Todo eso es lo que ahora está mutando rápidamente. Y es que lo que entre el 2008 y el 2012 era un enemigo imaginario (una inflación que en realidad no aparecía por ningún lado, pues más bien el problema era el contrario: una creciente amenaza de deflación) se ha convertido en algo muy real. Porque es innegable que con aumentos de precios en torno a los dos dígitos, un banco central está obligado a reaccionar. Ante esta nueva vuelta de tuerca parece que la FED norteamericana está tomando la delantera y mostrando el camino.

¿Cómo? Dejando atrás la política ultraexpansiva anterior. En Estados Unidos con una fuerte alza de tipos, de un 0,75 %, mientras el BCE anuncia ya una subida inmediata de 0,25 %. En el otoño casi con seguridad se producirán nuevas alzas. Unas decisiones, en gran medida inevitables, pero que empiezan a ser temidas como posible fuente de una nueva recesión. Y no solo eso: podría comprometer las transformaciones estructurales de la doble transición. Cuidado, por tanto, con una sobrerreacción. Ese viraje tiene un límite.

Pero también lo tiene por otras tres razones.
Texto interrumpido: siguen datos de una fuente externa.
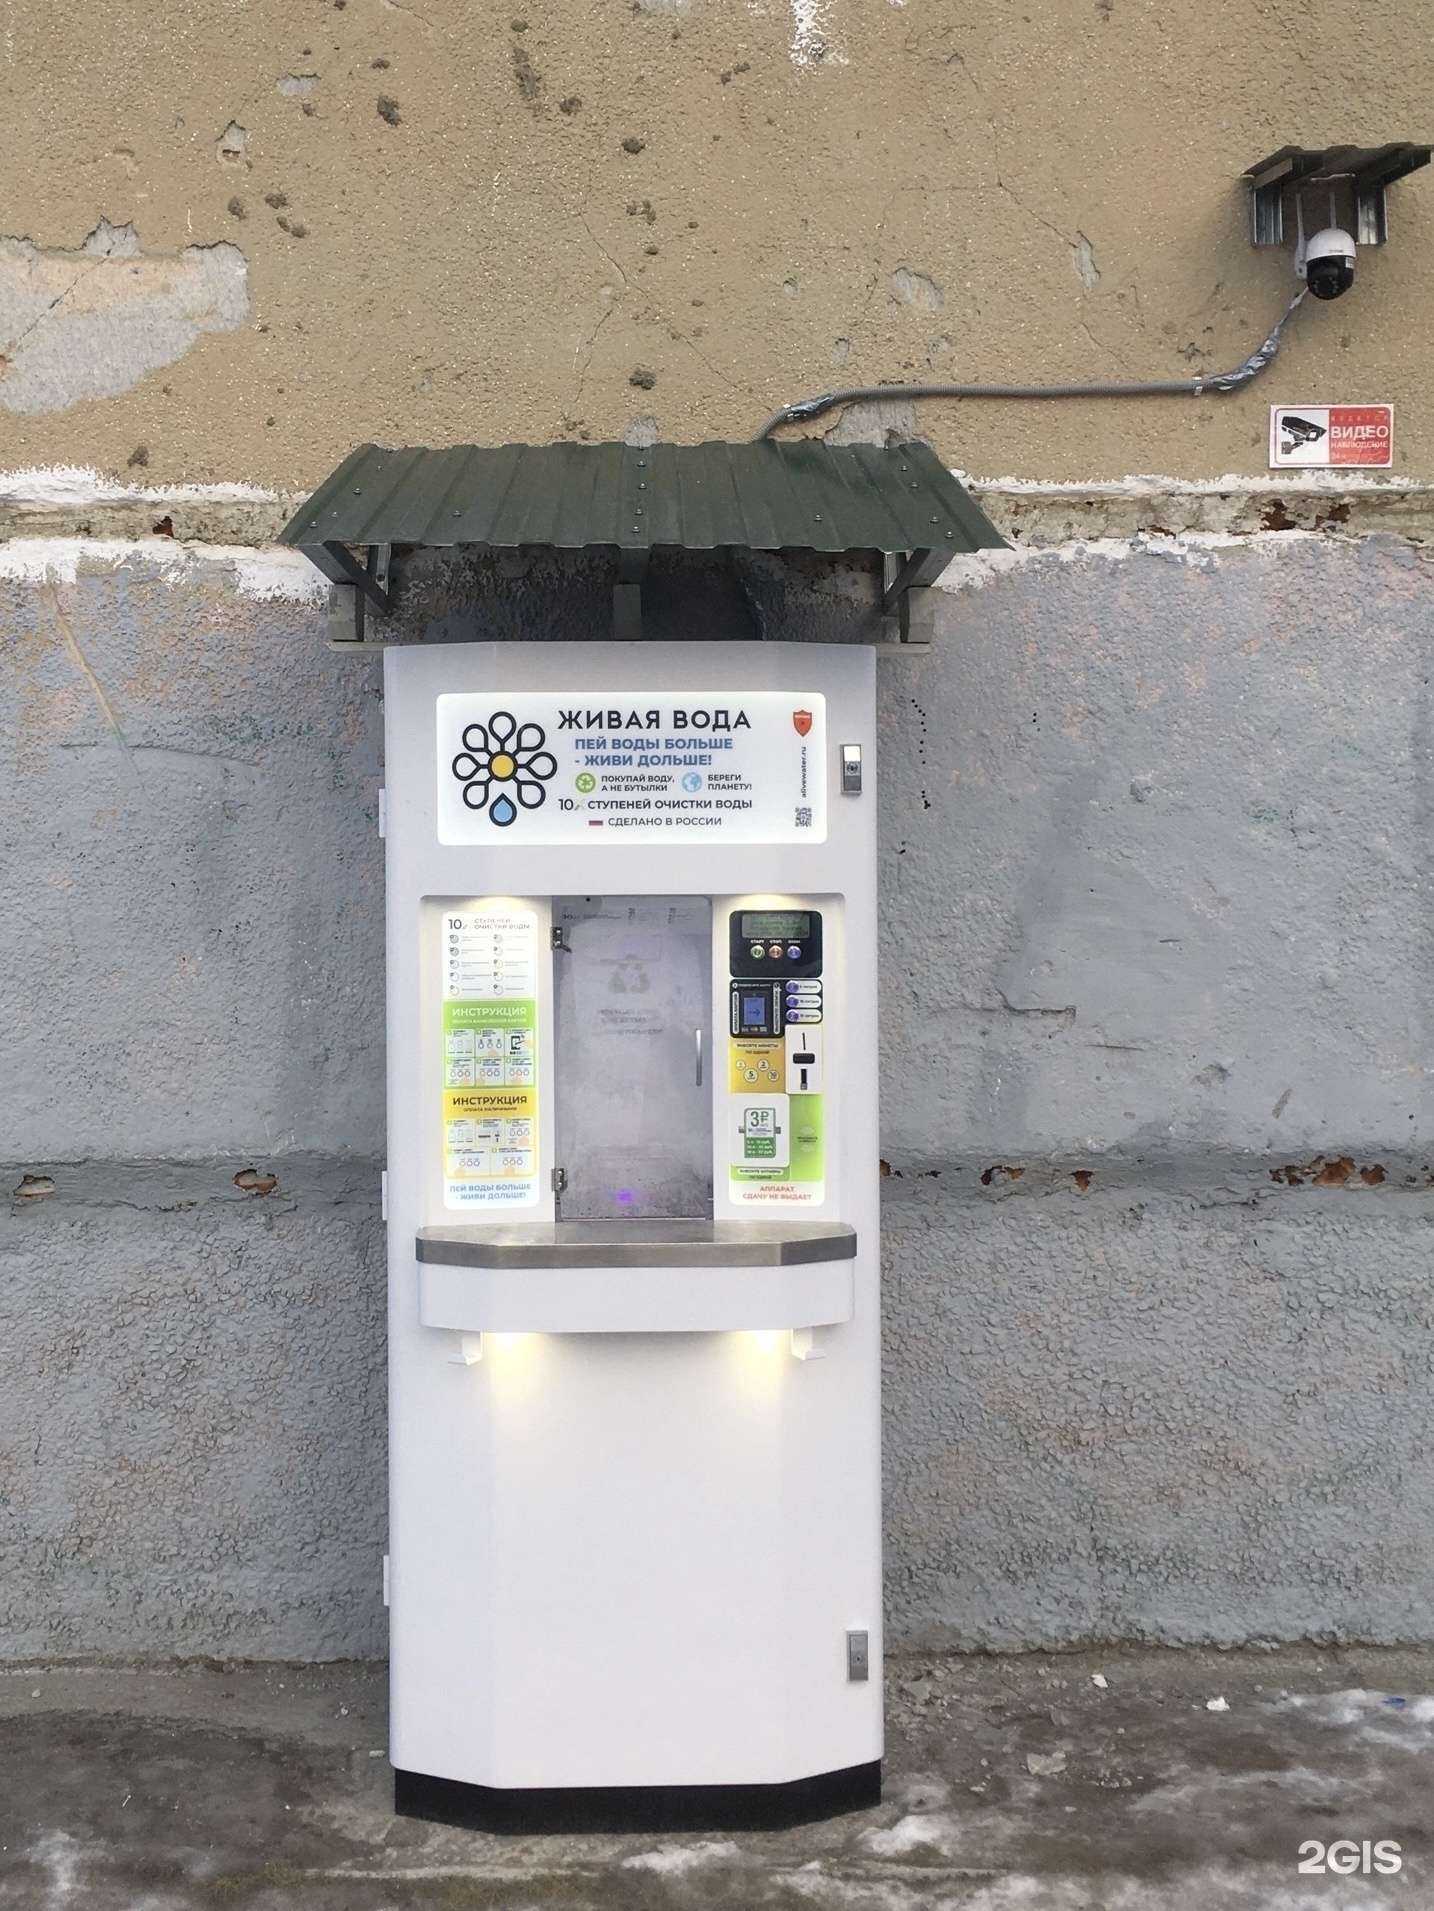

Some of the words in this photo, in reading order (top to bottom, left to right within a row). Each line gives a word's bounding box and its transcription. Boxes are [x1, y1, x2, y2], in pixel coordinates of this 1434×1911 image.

[1331, 425, 1389, 442] ВИДЕО
[558, 709, 660, 729] ЖИВАЯ
[673, 709, 751, 732] ВОДА
[575, 736, 607, 749] ПЕЙ
[612, 738, 659, 751] ВОДЫ
[665, 738, 733, 750] БОЛЬШЕ
[584, 754, 633, 766] ЖИВИ
[638, 754, 712, 768] ДОЛЬШЕ!
[602, 774, 646, 783] ПОКУПАЙ
[648, 775, 675, 783] ВОДУ,
[708, 774, 741, 782] БЕРЕГИ
[624, 784, 668, 792] БУТЫЛКИ
[708, 783, 752, 791] ПЛАНЕТУ!
[558, 799, 574, 811] 10
[587, 798, 651, 810] СТУПЕНЕЙ
[655, 799, 712, 810] ОЧИСТКИ
[716, 799, 752, 810] ВОДЫ
[608, 817, 663, 827] СДЕЛАНО
[665, 818, 673, 826] В
[676, 817, 722, 826] РОССИИ
[448, 918, 462, 930] 10
[452, 1006, 527, 1018] ИНСТРУКЦИЯ
[453, 1095, 528, 1106] ИНСТРУКЦИЯ
La primera es que aunque la inflación se proyecta en el tiempo más lejos de lo que pensábamos, aún no estamos para nada seguros de que se trate de un fenómeno persistente: o sea, no vayamos a matar moscas a cañonazos. La segunda razón está en las causas de la inflación, en las que los componentes fundamentales están en el lado de la oferta: la ruptura de las cadenas de suministro, la crisis energética y alimentaria originadas por la guerra. Siendo así, ¿arreglaría las cosas una subida fuerte de tipos? No lo parece.
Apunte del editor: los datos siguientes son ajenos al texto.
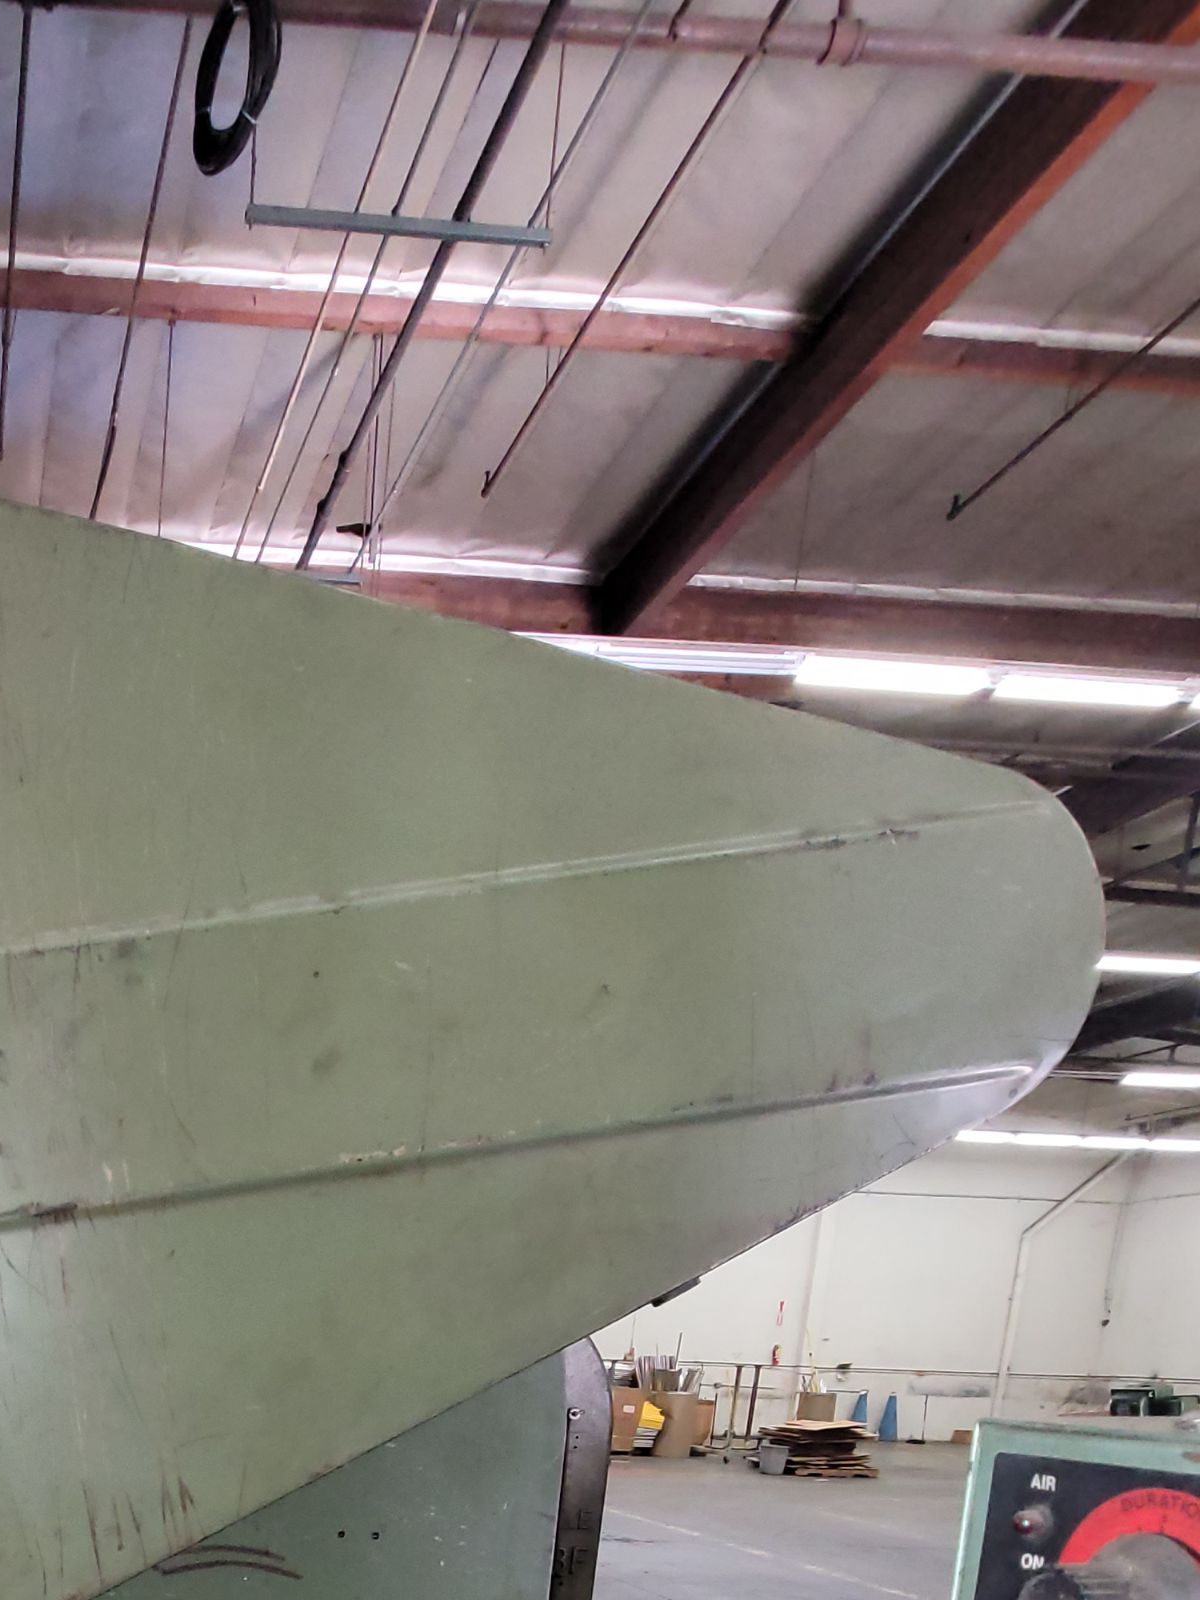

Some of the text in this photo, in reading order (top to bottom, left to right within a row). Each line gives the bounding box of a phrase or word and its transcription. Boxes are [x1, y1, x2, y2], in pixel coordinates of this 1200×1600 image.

[1030, 1473, 1057, 1492] AIR
[1121, 1494, 1200, 1519] DURATIO
[1021, 1553, 1045, 1570] ON
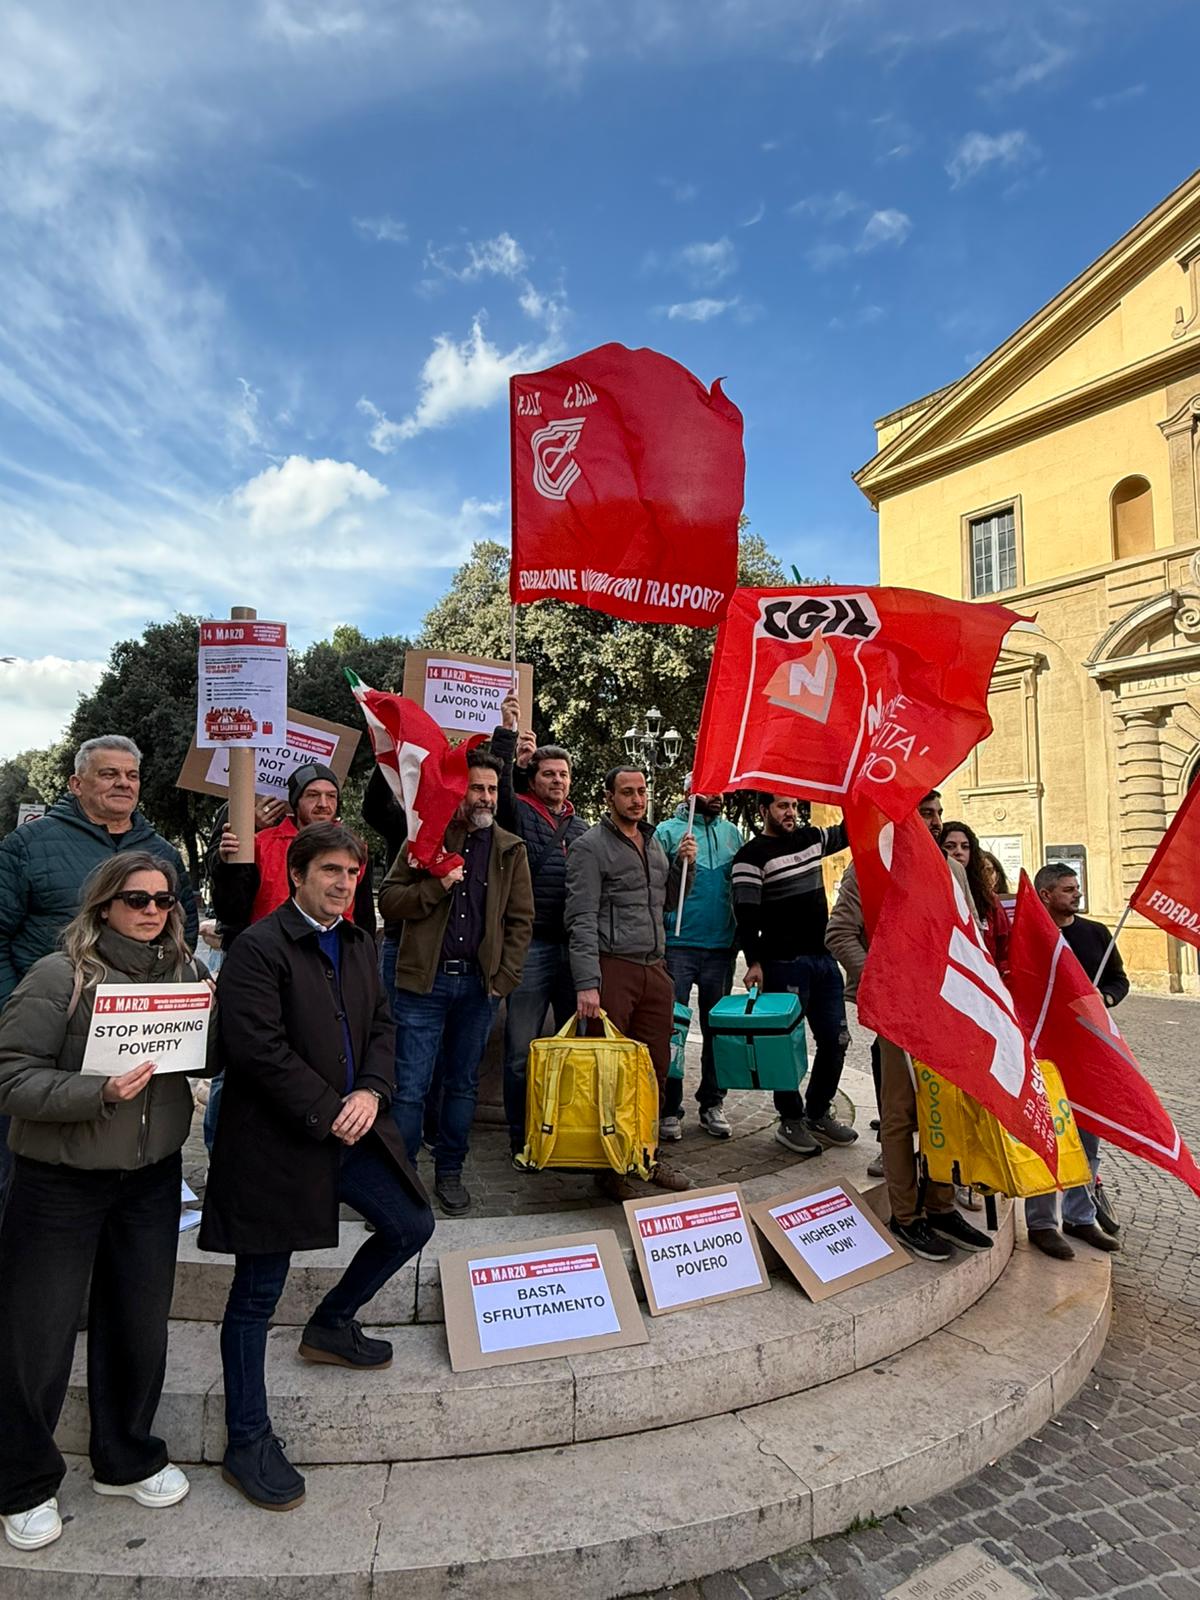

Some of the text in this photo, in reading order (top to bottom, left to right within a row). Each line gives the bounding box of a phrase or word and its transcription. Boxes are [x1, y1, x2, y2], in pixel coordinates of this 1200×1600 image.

[643, 579, 725, 613] TRASPORTI
[763, 599, 877, 639] CGIL
[203, 629, 212, 640] 14
[216, 628, 244, 640] MARZO
[429, 668, 439, 678] 14
[440, 668, 467, 681] MARZO
[443, 681, 500, 698] IL NOSTRO
[434, 694, 500, 711] LAVORO VAL
[455, 710, 486, 722] DI PIÙ
[275, 747, 291, 759] TO
[258, 757, 285, 772] NOT
[98, 998, 111, 1012] 14
[115, 997, 150, 1011] MARZO
[94, 1020, 204, 1038] STOP WORKING
[118, 1038, 182, 1056] POVERTY
[641, 1221, 653, 1236] 14
[653, 1215, 684, 1233] MARZO
[778, 1217, 791, 1229] 14
[798, 1215, 857, 1246] HIGHER PAY
[650, 1231, 743, 1262] BASTA LAVORO
[826, 1236, 857, 1256] NOW!
[473, 1270, 487, 1284] 14
[491, 1265, 527, 1282] MARZO
[676, 1255, 728, 1278] POVERO
[517, 1283, 566, 1301] BASTA
[482, 1295, 605, 1324] SFRUTTAMENTO
Y la tercera razón está en que el BCE se enfrenta también a otro grave problema: la posibilidad de que sobrevenga de nuevo —como ocurrió entre 2010 y 2013— una fragmentación financiera en la eurozona; en la agitación experimentada por las primas de riesgos ha habido ya alguna señal de ese peligro. En la línea del famoso «haré lo que sea necesario» de Draghi, el Banco Central ya ha avisado de que no va a permitir que esa amenaza se consume, para lo que anuncia la entrada en vigor de un nuevo mecanismo de reinversión de deuda. Aunque desconocemos sus detalles, hay una clara posibilidad de que ese dispositivo entre en contradicción con la línea de reducción de compras de activos. Previsiblemente, en los próximos meses el BCE se verá aquí ante un dilema.

Vuelven con fuerza las tensiones entre halcones y palomas. Encontrar un punto de equilibrio entre ambos, cosa siempre difícil, es crucial ante la coyuntura endemoniada que viene.